• _Exercise prompt_: Only the text belongs in the answer: every line of the records below, transcribed exactly.

The records Start Marker

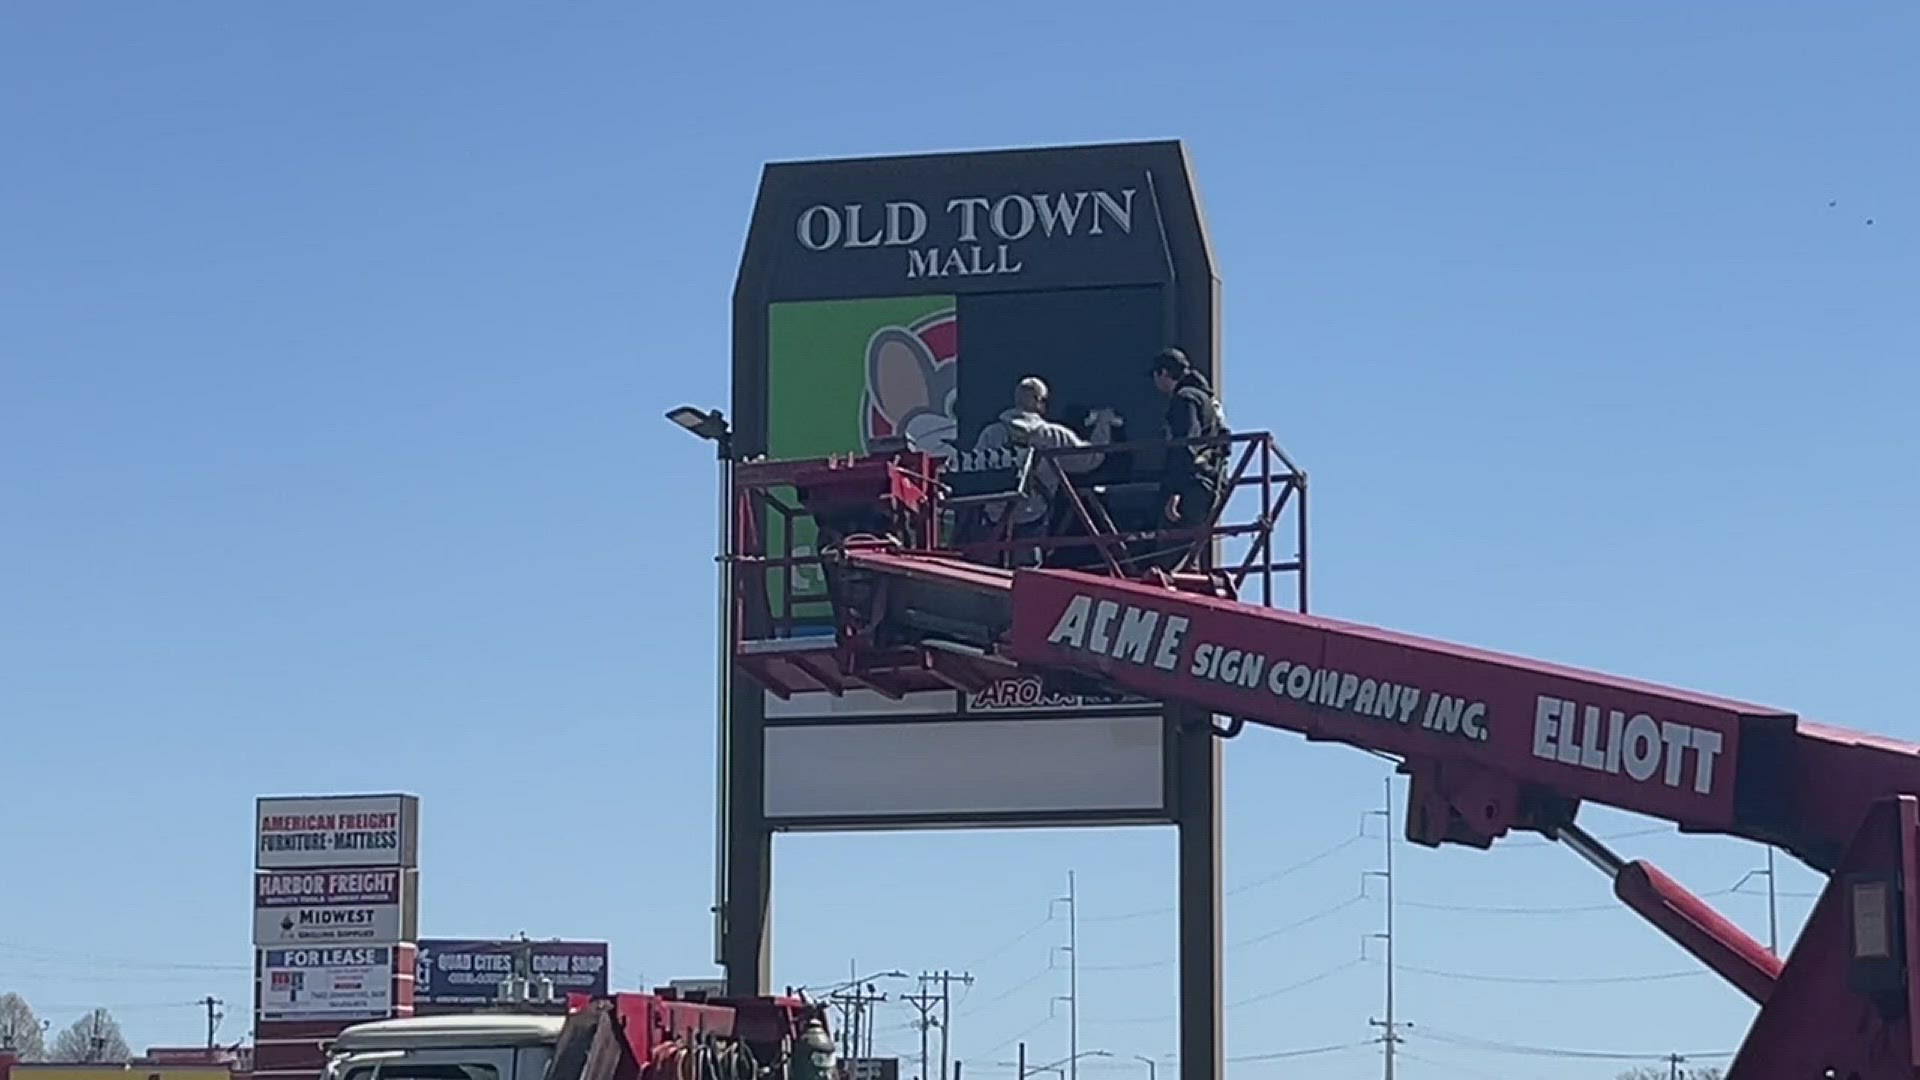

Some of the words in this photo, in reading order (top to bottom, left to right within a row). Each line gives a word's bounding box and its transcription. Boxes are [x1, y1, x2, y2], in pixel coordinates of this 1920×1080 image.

[797, 202, 927, 250] OLD
[946, 189, 1136, 240] TOWN
[907, 245, 1022, 278] MALL
[1048, 594, 1189, 671] ACME
[1191, 643, 1265, 689] SIGN
[1268, 660, 1420, 724] COMPANY
[1422, 692, 1489, 741] INC.
[1533, 695, 1722, 794] ELLIOTT
[262, 815, 336, 832] AMERICAN
[339, 813, 397, 830] FREIGHT
[259, 876, 324, 895] HARBOR
[328, 873, 396, 894] FREIGHT
[298, 910, 375, 924] MIDWEST
[284, 951, 320, 966] FOR
[323, 949, 375, 965] LEASE
[438, 953, 471, 970] QUAD
[475, 954, 511, 971] CITIES
[572, 955, 603, 972] SHOP

The records End Marker

• _Answer box_:
Some of the words in this photo, in reading order (top to bottom, left to right within a row). Each line gives a word's bounding box and its transcription. Boxes are [x1, y1, x2, y2], in pixel coordinates of this 1920×1080 image.

[797, 202, 927, 250] OLD
[946, 189, 1136, 240] TOWN
[907, 245, 1022, 278] MALL
[1048, 594, 1189, 671] ACME
[1191, 643, 1265, 689] SIGN
[1268, 660, 1420, 724] COMPANY
[1422, 692, 1489, 741] INC.
[1533, 695, 1722, 794] ELLIOTT
[262, 815, 336, 832] AMERICAN
[339, 813, 397, 830] FREIGHT
[259, 876, 324, 895] HARBOR
[328, 873, 396, 894] FREIGHT
[298, 910, 375, 924] MIDWEST
[284, 951, 320, 966] FOR
[323, 949, 375, 965] LEASE
[438, 953, 471, 970] QUAD
[475, 954, 511, 971] CITIES
[572, 955, 603, 972] SHOP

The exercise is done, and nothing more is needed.